◆ What the exercise asks
Repeat the entries below word for word, though any picture in them should be dropped.
+++ Exercise input +++
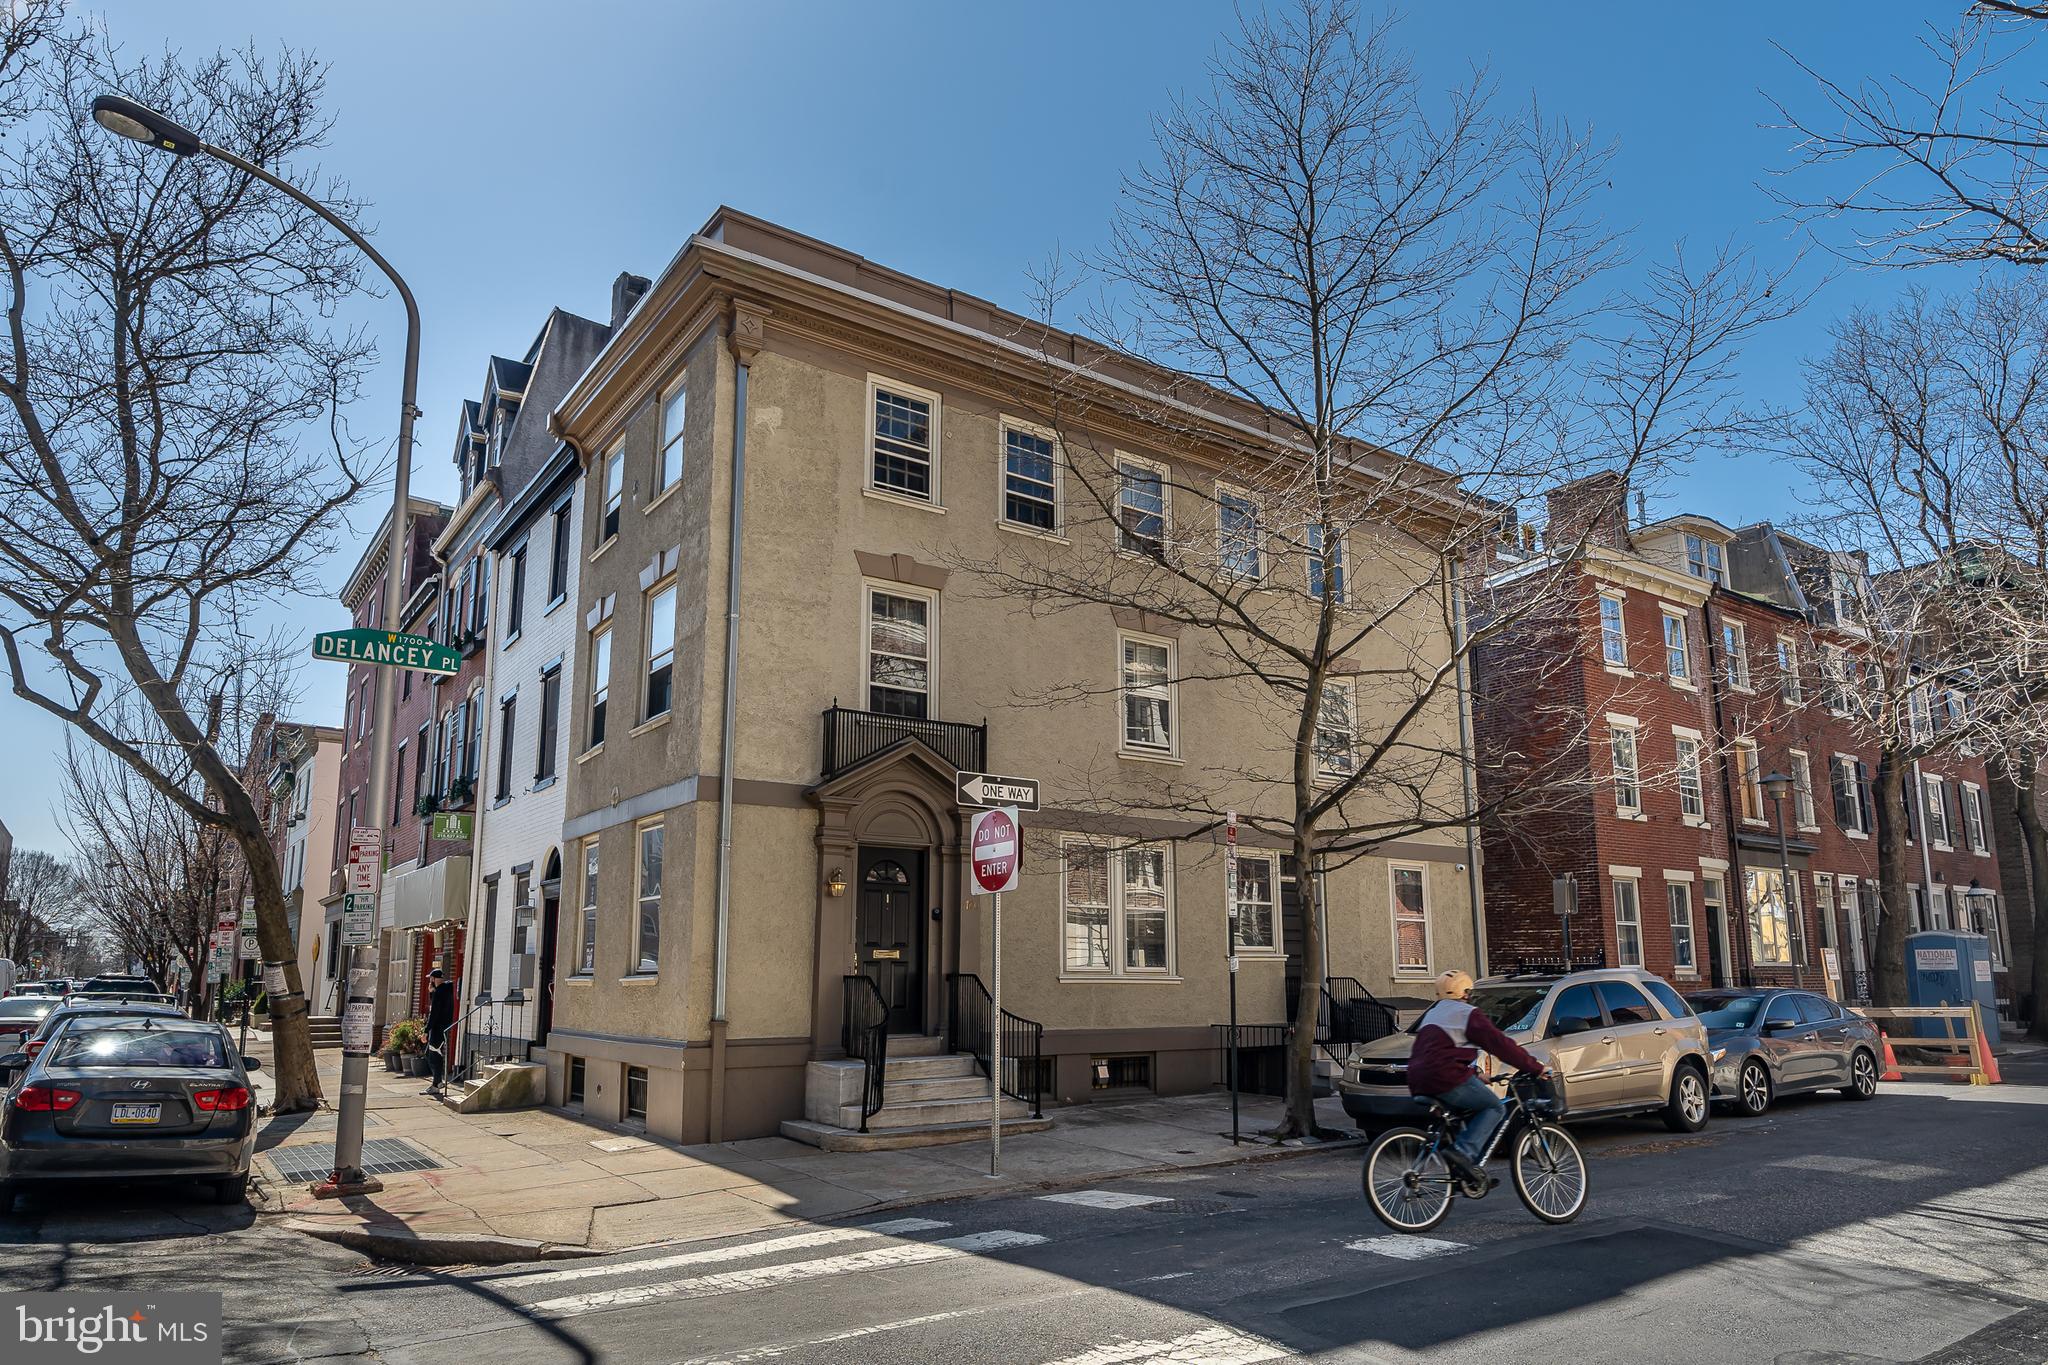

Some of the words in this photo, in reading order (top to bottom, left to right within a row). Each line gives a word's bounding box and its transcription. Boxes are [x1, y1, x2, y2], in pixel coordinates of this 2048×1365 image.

[388, 634, 397, 643] W
[398, 636, 423, 646] 1700
[320, 635, 434, 666] DELANCEY
[443, 657, 458, 670] PL
[982, 784, 1005, 798] ONE
[1007, 788, 1031, 801] WAY
[978, 829, 990, 842] DO
[994, 824, 1011, 839] NOT
[351, 849, 359, 860] NO
[359, 850, 379, 858] PARKING
[357, 865, 371, 873] ANY
[981, 861, 1008, 877] ENTER
[356, 873, 370, 882] TIME
[346, 896, 353, 910] 2
[354, 903, 374, 911] PARKING
+++
◆ Response to this exercise
Some of the words in this photo, in reading order (top to bottom, left to right within a row). Each line gives a word's bounding box and its transcription. Boxes are [x1, y1, x2, y2], in pixel coordinates of this 2048×1365 image.

[388, 634, 397, 643] W
[398, 636, 423, 646] 1700
[320, 635, 434, 666] DELANCEY
[443, 657, 458, 670] PL
[982, 784, 1005, 798] ONE
[1007, 788, 1031, 801] WAY
[978, 829, 990, 842] DO
[994, 824, 1011, 839] NOT
[351, 849, 359, 860] NO
[359, 850, 379, 858] PARKING
[357, 865, 371, 873] ANY
[981, 861, 1008, 877] ENTER
[356, 873, 370, 882] TIME
[346, 896, 353, 910] 2
[354, 903, 374, 911] PARKING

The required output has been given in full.